What is required: Word for word and without images, transcribe all of the records.

Task input:
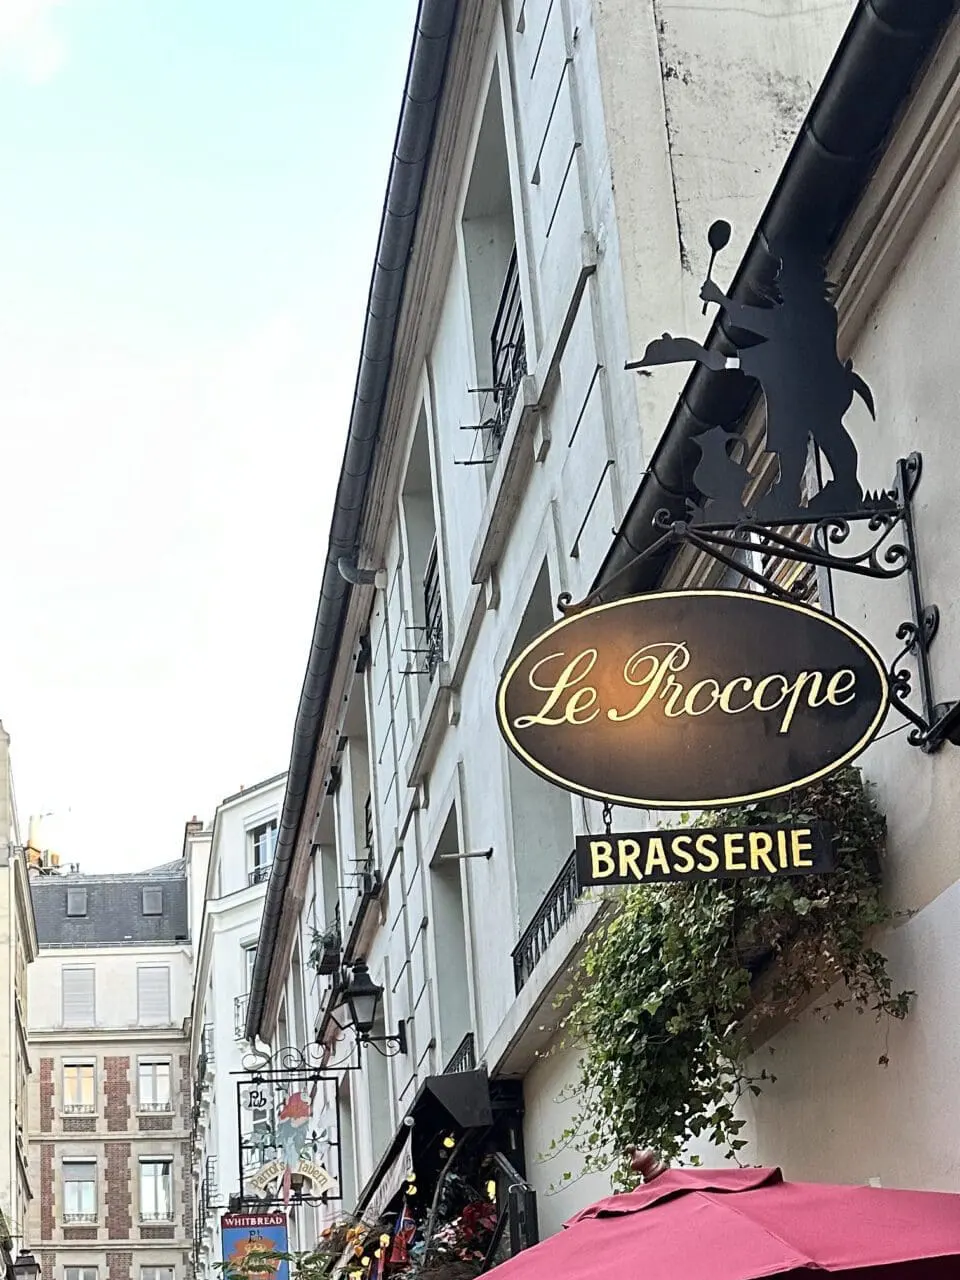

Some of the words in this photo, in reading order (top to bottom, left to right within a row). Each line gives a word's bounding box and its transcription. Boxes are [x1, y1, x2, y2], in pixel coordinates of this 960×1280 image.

[514, 648, 601, 729] Le
[607, 641, 856, 734] Procope
[589, 828, 814, 881] BRASSERIE
[248, 1090, 267, 1108] Pub
[297, 1160, 328, 1187] Tavern
[224, 1216, 283, 1226] WHITBREAD
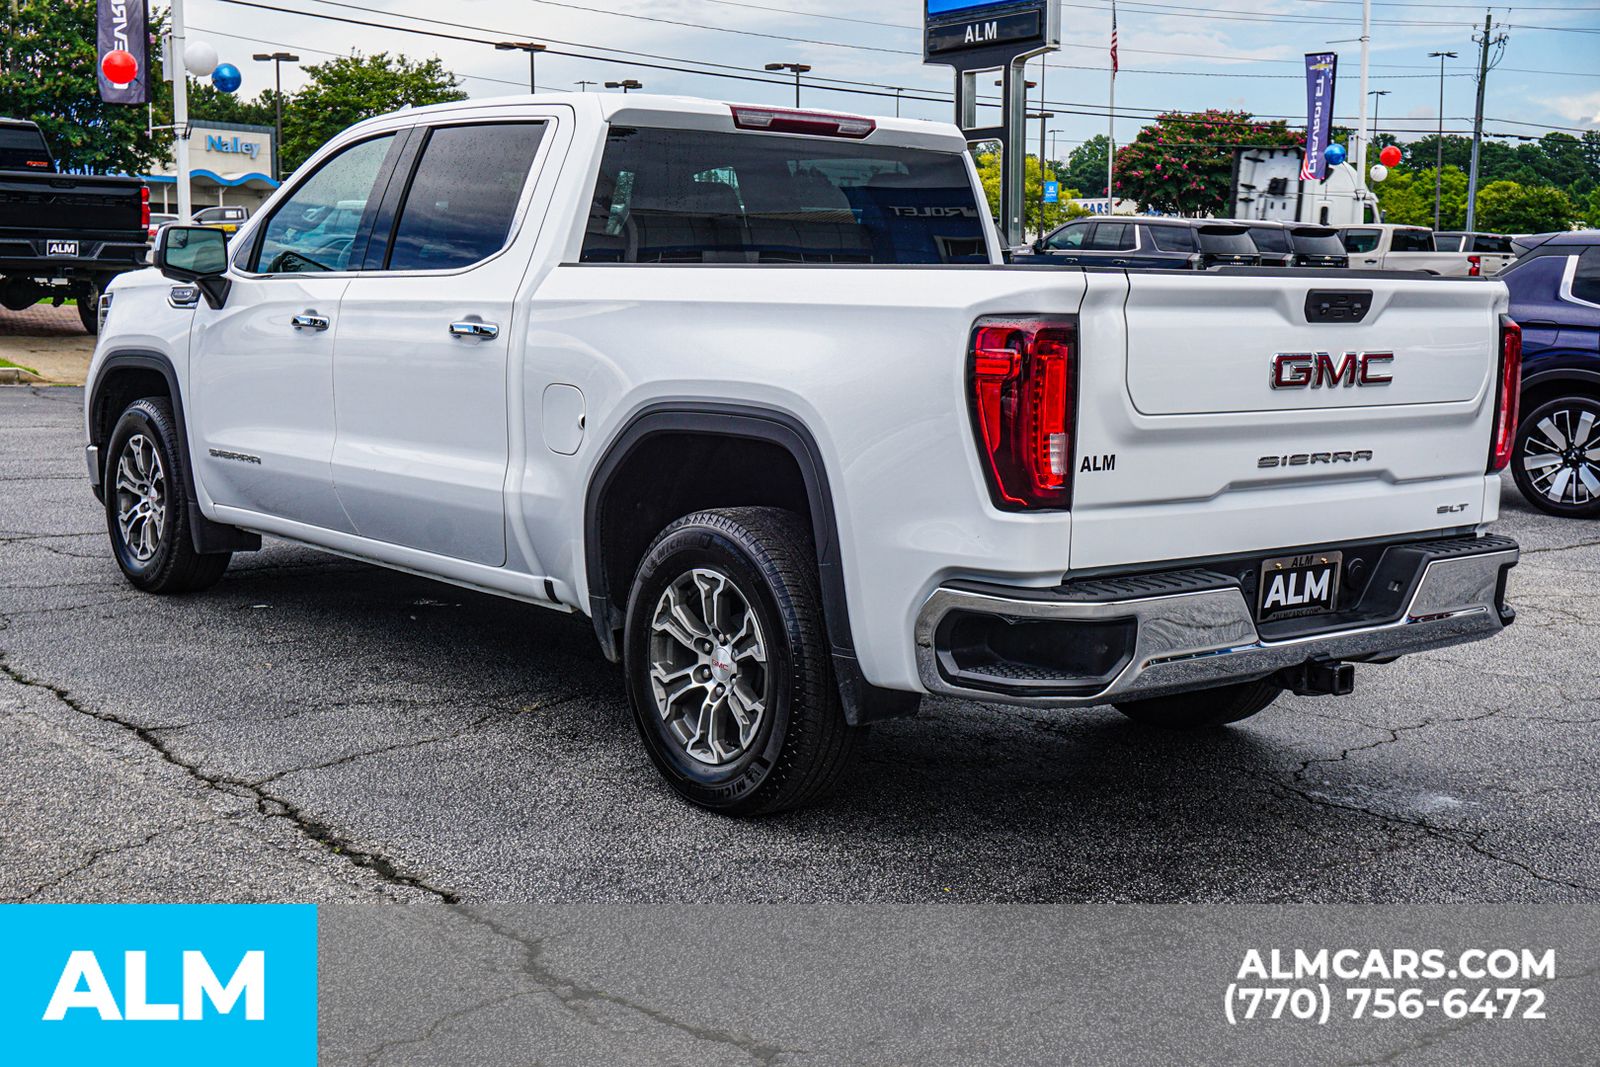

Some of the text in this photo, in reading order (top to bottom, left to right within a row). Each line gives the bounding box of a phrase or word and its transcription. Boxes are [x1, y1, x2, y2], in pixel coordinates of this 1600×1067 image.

[964, 21, 998, 43] ALM
[206, 135, 261, 159] Nalley
[50, 243, 75, 254] ALM
[1269, 350, 1394, 390] GMC
[1080, 454, 1116, 473] ALM
[1257, 450, 1373, 468] SIERRA
[1436, 503, 1469, 514] SLT
[1291, 555, 1314, 567] ALM
[1264, 569, 1331, 609] ALM
[712, 659, 729, 672] GMC

Finished task:
Some of the words in this photo, in reading order (top to bottom, left to right within a row). Each line gives a word's bounding box and its transcription. Boxes are [x1, y1, x2, y2], in pixel coordinates of this 960×1280 image.

[514, 648, 601, 729] Le
[607, 641, 856, 734] Procope
[589, 828, 814, 881] BRASSERIE
[248, 1090, 267, 1108] Pub
[297, 1160, 328, 1187] Tavern
[224, 1216, 283, 1226] WHITBREAD

Some of the text in this photo, in reading order (top to bottom, left to right within a row). Each line gives the bounding box of a phrase or word and its transcription. Boxes are [x1, y1, x2, y2], in pixel coordinates of this 1600×1067 image.

[964, 21, 998, 43] ALM
[206, 135, 261, 159] Nalley
[50, 243, 75, 254] ALM
[1269, 350, 1394, 390] GMC
[1080, 454, 1116, 473] ALM
[1257, 450, 1373, 468] SIERRA
[1436, 503, 1469, 514] SLT
[1291, 555, 1314, 567] ALM
[1264, 569, 1331, 609] ALM
[712, 659, 729, 672] GMC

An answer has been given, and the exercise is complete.